Reading and local Primitive Methodism
Article By Mr H Ralph in the Handbook of the 96th Annual Primitive Methodist Conference held in Reading in 1915
The town in which the Conference meets in the critical year of 1915 may by many be considered to be a modern residential town. While it is essentially modern, it has a history which reaches back over a thousand years.
The Danes rowed their ships up the Thames to the Kennet, and made Reading the base of their operations in Wessex. Parliament has frequently legislated here. During the reign of Charles I, and later when the troops of James II were defeated by the Prince of Orange, Reading felt the shock of arms.
The town has today – as in the past – a distinct and by no means insignificant place in the commercial life of the nation. The ‘Gild Merchants of Reading’ had a long and notable history, receiving many charters and, although the manufacture of silk and cloth is no longer carried on here, Sutton’s Seeds and Huntley and Palmers’ Reading Biscuits are known wheresoever civilization has penetrated; and there are countries where kings and queens of dusky subjects find material for personal adornment in the biscuit boxes made at Reading.
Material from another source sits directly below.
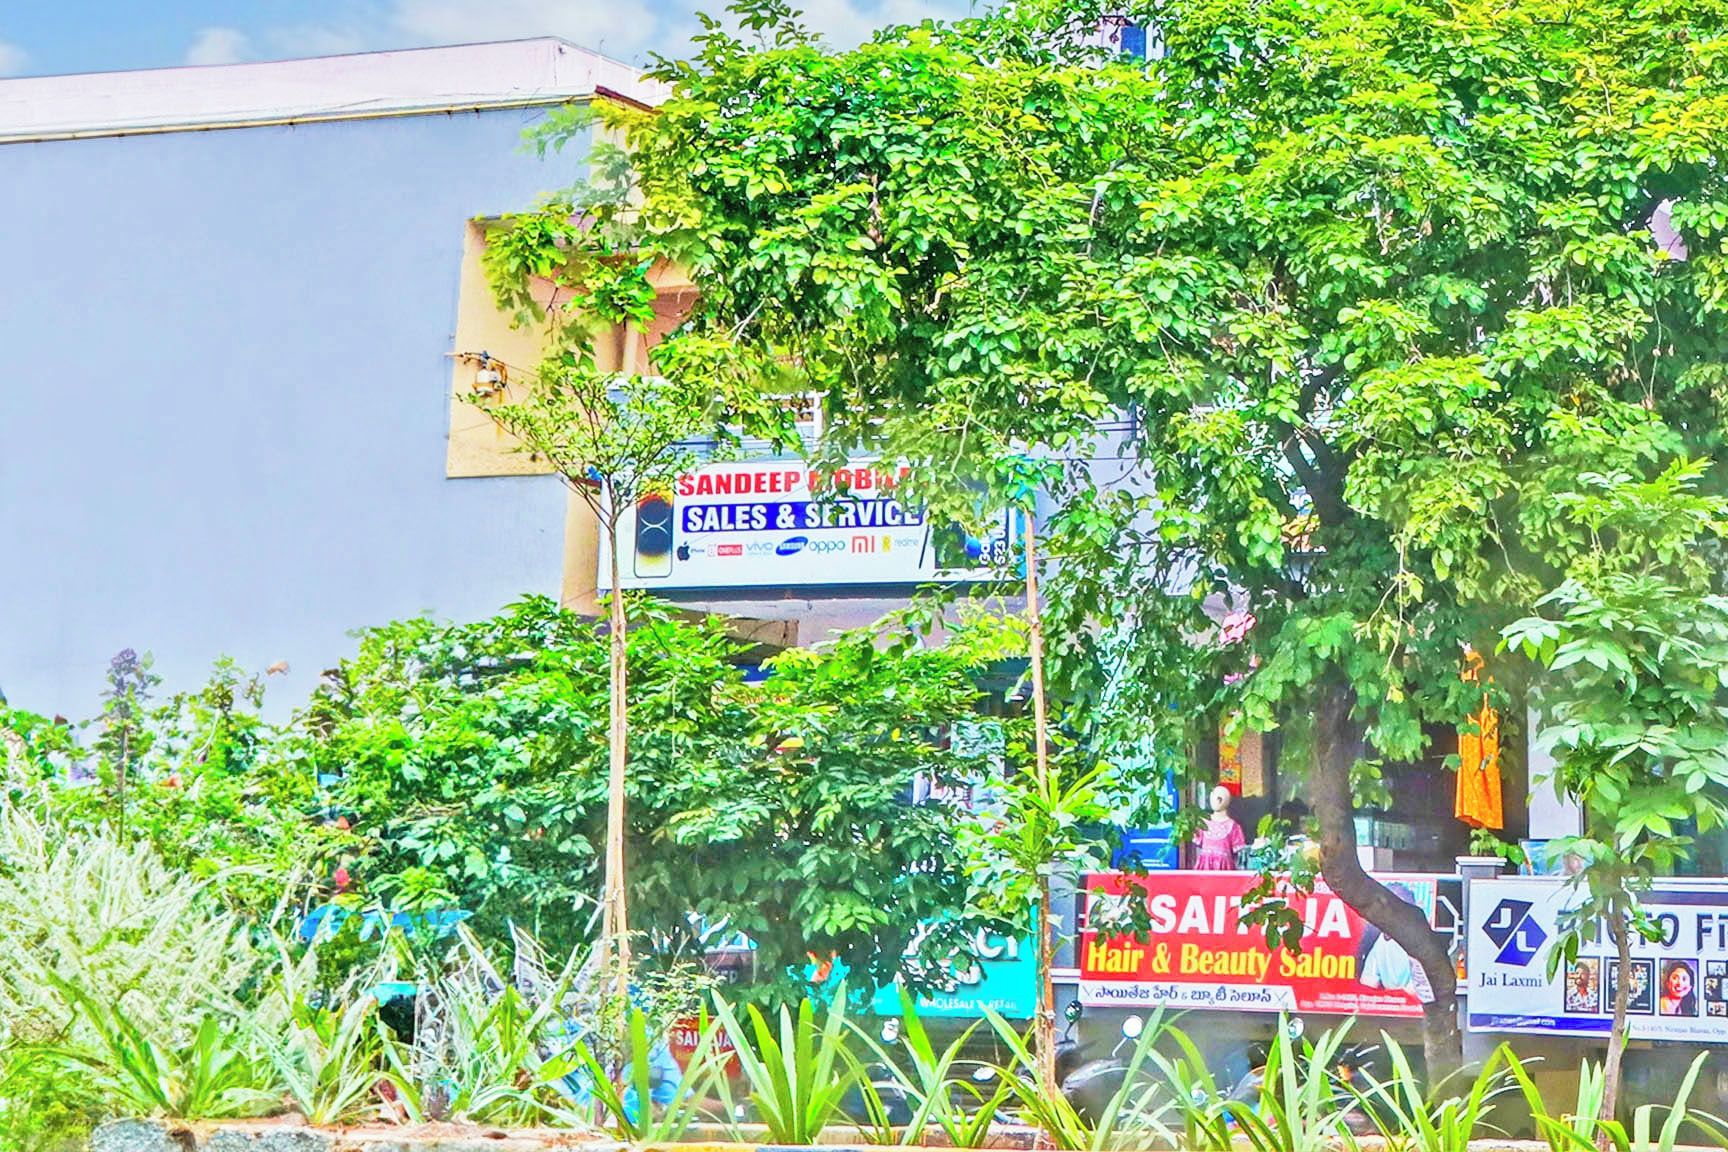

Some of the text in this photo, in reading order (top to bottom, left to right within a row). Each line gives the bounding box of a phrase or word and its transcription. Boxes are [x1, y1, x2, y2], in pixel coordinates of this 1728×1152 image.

The foundations of the Benedictine Abbey of Reading were laid in 1121 and the main buildings look upwards of forty years to complete; it was consecrated by the famous Archbishop Becket with great pomp and circumstance.
The Brethren of St. Francis of Assisi also established an Order here about 1233; the Church of the Order while much smaller than that of the Abbey, was one of considerable beauty. The three ancient parishes of Reading, viz.: St. Mary’s, St. Lawrence’s, and St. Giles’ have churches, portions of which have great antiquarian and historical interest.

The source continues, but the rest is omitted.